Saved entries:
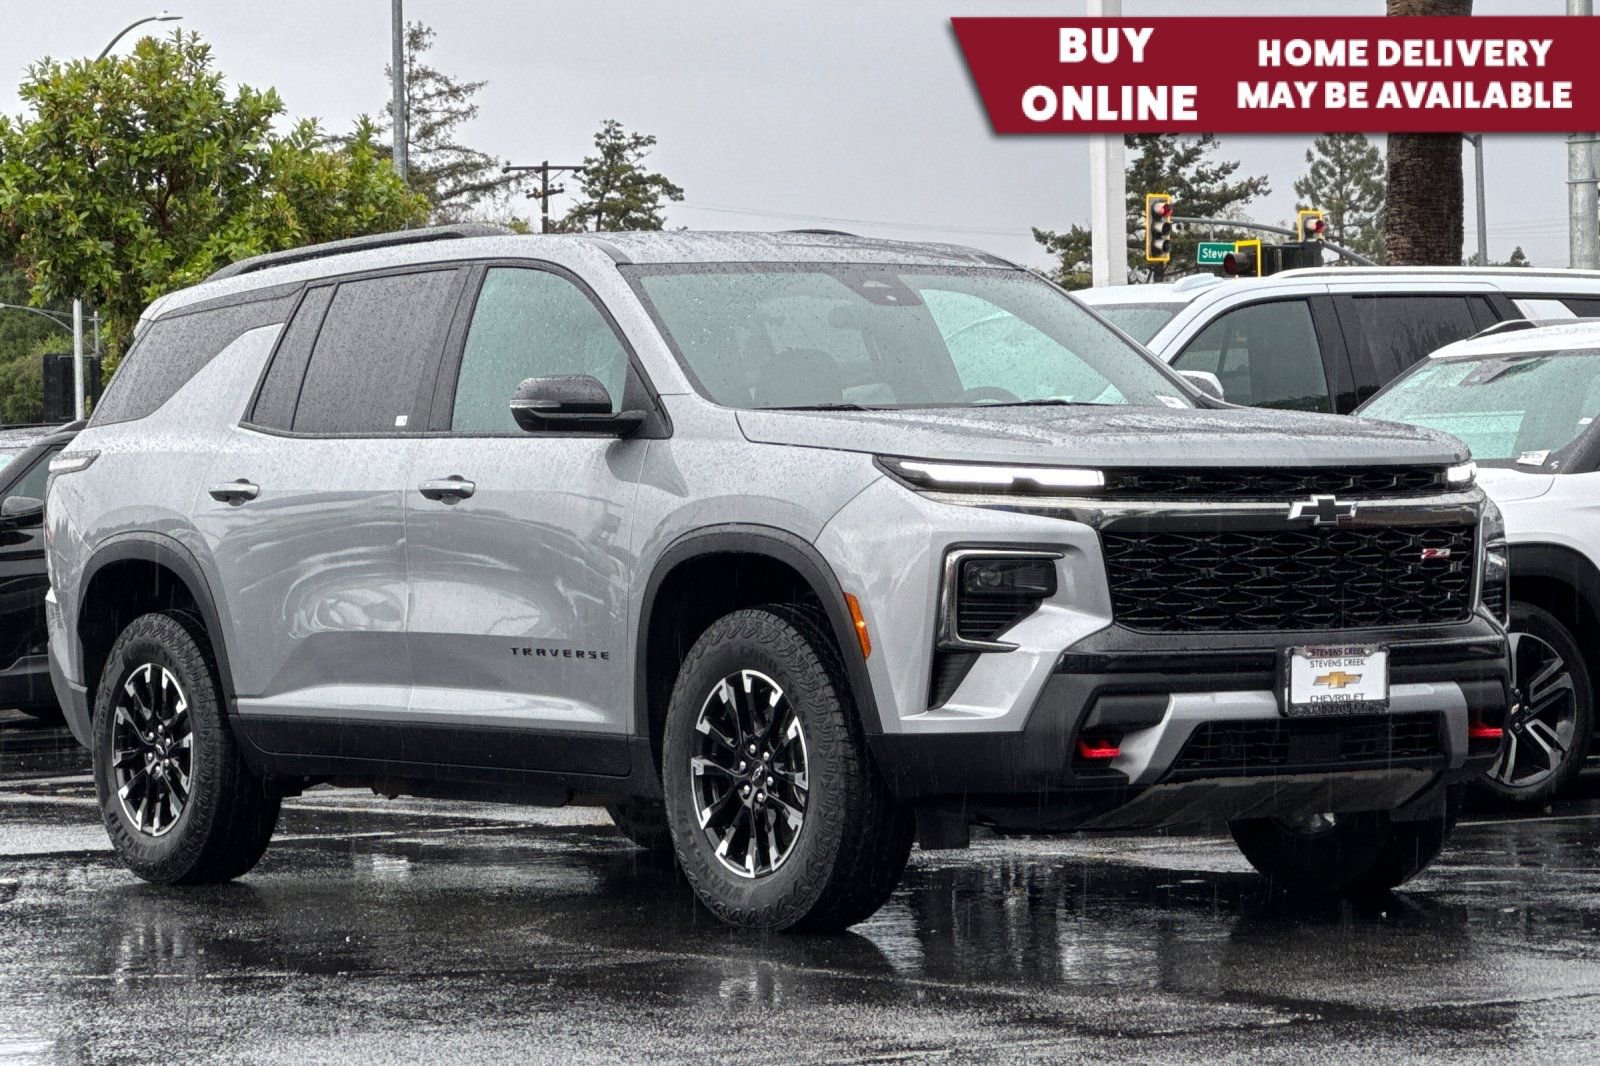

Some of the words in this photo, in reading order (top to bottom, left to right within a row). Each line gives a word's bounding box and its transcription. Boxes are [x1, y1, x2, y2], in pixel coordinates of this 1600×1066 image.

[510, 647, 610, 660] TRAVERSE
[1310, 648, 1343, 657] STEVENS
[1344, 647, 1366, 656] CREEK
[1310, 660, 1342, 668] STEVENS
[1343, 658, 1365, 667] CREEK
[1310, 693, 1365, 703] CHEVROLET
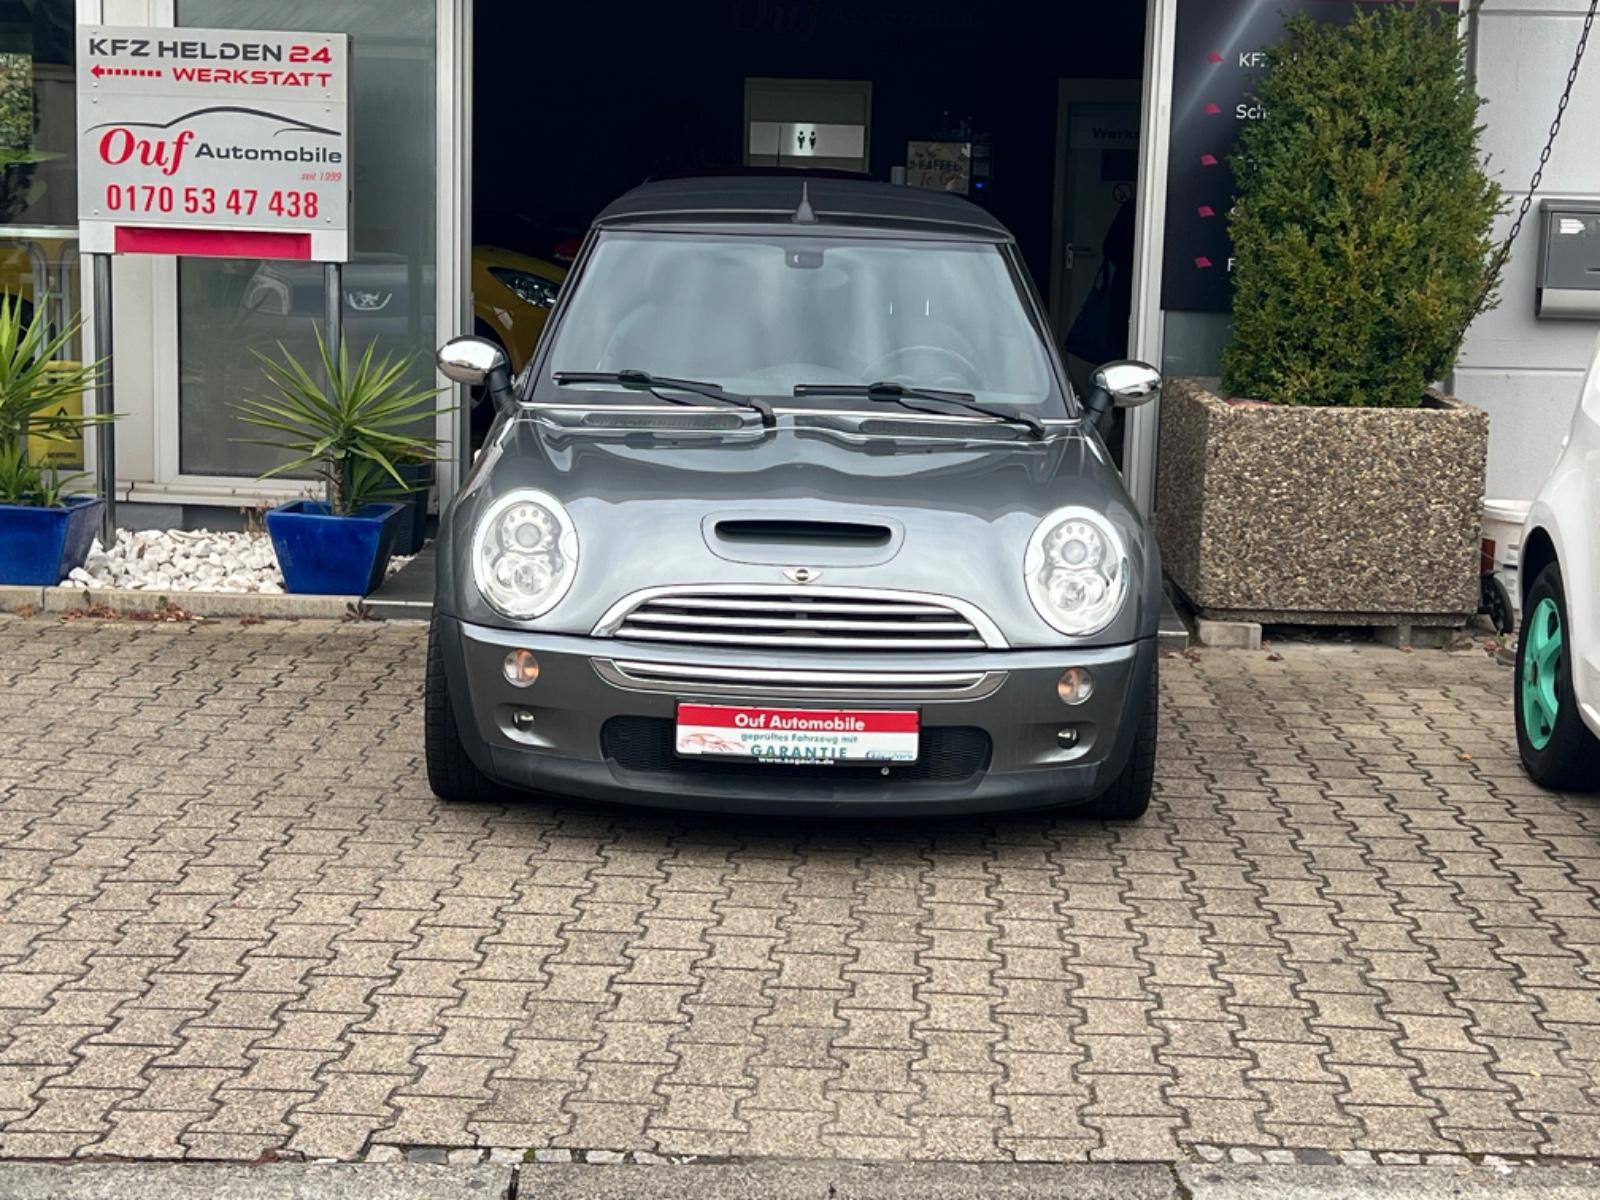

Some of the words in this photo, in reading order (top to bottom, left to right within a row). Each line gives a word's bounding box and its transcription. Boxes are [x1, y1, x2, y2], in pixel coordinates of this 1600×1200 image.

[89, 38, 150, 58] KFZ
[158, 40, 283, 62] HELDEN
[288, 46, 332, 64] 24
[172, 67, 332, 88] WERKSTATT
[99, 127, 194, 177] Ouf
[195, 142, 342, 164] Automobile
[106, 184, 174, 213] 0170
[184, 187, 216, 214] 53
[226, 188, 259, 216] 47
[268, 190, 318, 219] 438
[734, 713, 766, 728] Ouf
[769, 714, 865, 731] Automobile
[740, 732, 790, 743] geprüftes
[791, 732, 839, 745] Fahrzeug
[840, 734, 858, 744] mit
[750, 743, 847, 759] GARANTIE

§ **EXERCISE**:
Without the pictures, give every line of the data again, exactly as written.

§ **RESPONSE TO THIS EXERCISE**:
Some of the words in this photo, in reading order (top to bottom, left to right within a row). Each line gives a word's bounding box and its transcription. Boxes are [x1, y1, x2, y2], in pixel coordinates of this 1600×1066 image.

[510, 647, 610, 660] TRAVERSE
[1310, 648, 1343, 657] STEVENS
[1344, 647, 1366, 656] CREEK
[1310, 660, 1342, 668] STEVENS
[1343, 658, 1365, 667] CREEK
[1310, 693, 1365, 703] CHEVROLET

Some of the words in this photo, in reading order (top to bottom, left to right within a row). Each line gives a word's bounding box and its transcription. Boxes are [x1, y1, x2, y2], in pixel coordinates of this 1600×1200 image.

[89, 38, 150, 58] KFZ
[158, 40, 283, 62] HELDEN
[288, 46, 332, 64] 24
[172, 67, 332, 88] WERKSTATT
[99, 127, 194, 177] Ouf
[195, 142, 342, 164] Automobile
[106, 184, 174, 213] 0170
[184, 187, 216, 214] 53
[226, 188, 259, 216] 47
[268, 190, 318, 219] 438
[734, 713, 766, 728] Ouf
[769, 714, 865, 731] Automobile
[740, 732, 790, 743] geprüftes
[791, 732, 839, 745] Fahrzeug
[840, 734, 858, 744] mit
[750, 743, 847, 759] GARANTIE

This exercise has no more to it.